→ WHAT IS EXPECTED
Where a picture appears, leave it out; copy everything else in the records exactly.

→ RECORDS FOR THIS EXERCISE
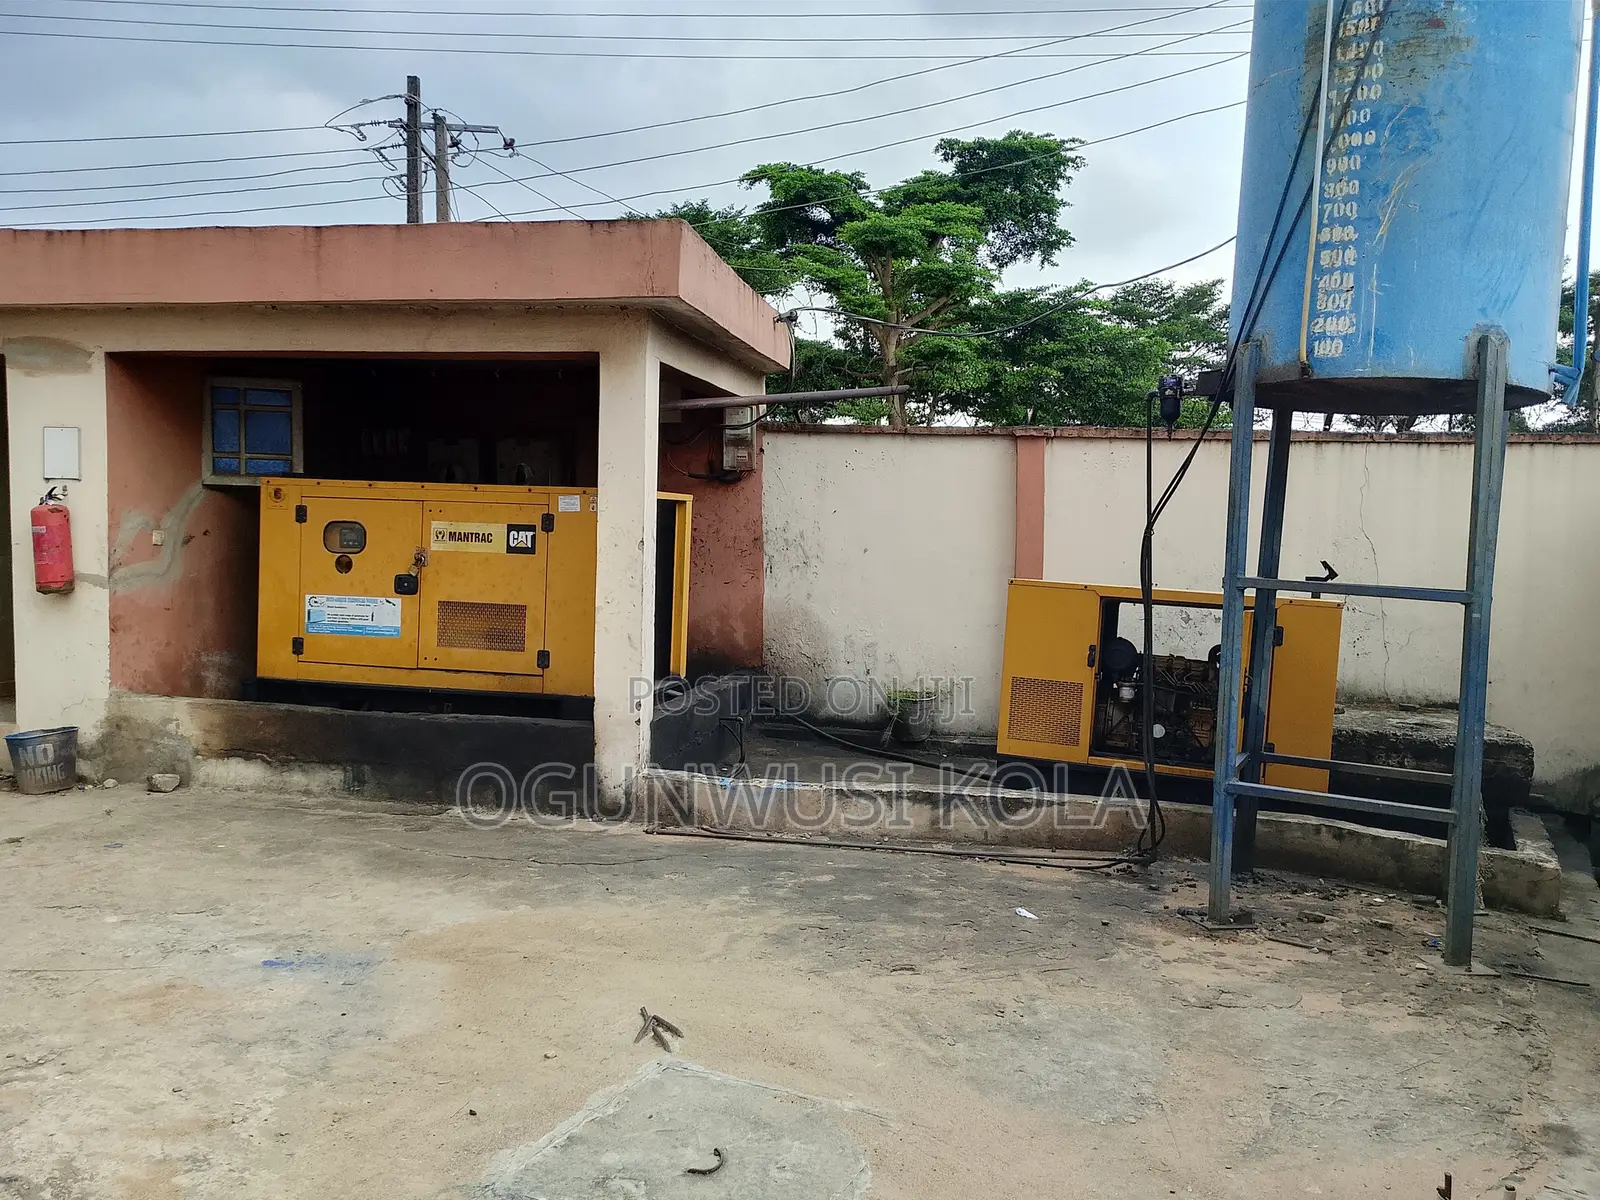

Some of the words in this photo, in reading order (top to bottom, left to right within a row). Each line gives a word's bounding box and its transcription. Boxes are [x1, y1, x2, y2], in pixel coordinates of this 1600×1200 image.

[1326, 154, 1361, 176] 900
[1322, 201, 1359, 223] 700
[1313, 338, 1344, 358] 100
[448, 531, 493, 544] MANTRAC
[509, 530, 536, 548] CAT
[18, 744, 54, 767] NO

→ EXERCISE ANSWER
Some of the words in this photo, in reading order (top to bottom, left to right within a row). Each line gives a word's bounding box and its transcription. Boxes are [x1, y1, x2, y2], in pixel coordinates of this 1600×1200 image.

[1326, 154, 1361, 176] 900
[1322, 201, 1359, 223] 700
[1313, 338, 1344, 358] 100
[448, 531, 493, 544] MANTRAC
[509, 530, 536, 548] CAT
[18, 744, 54, 767] NO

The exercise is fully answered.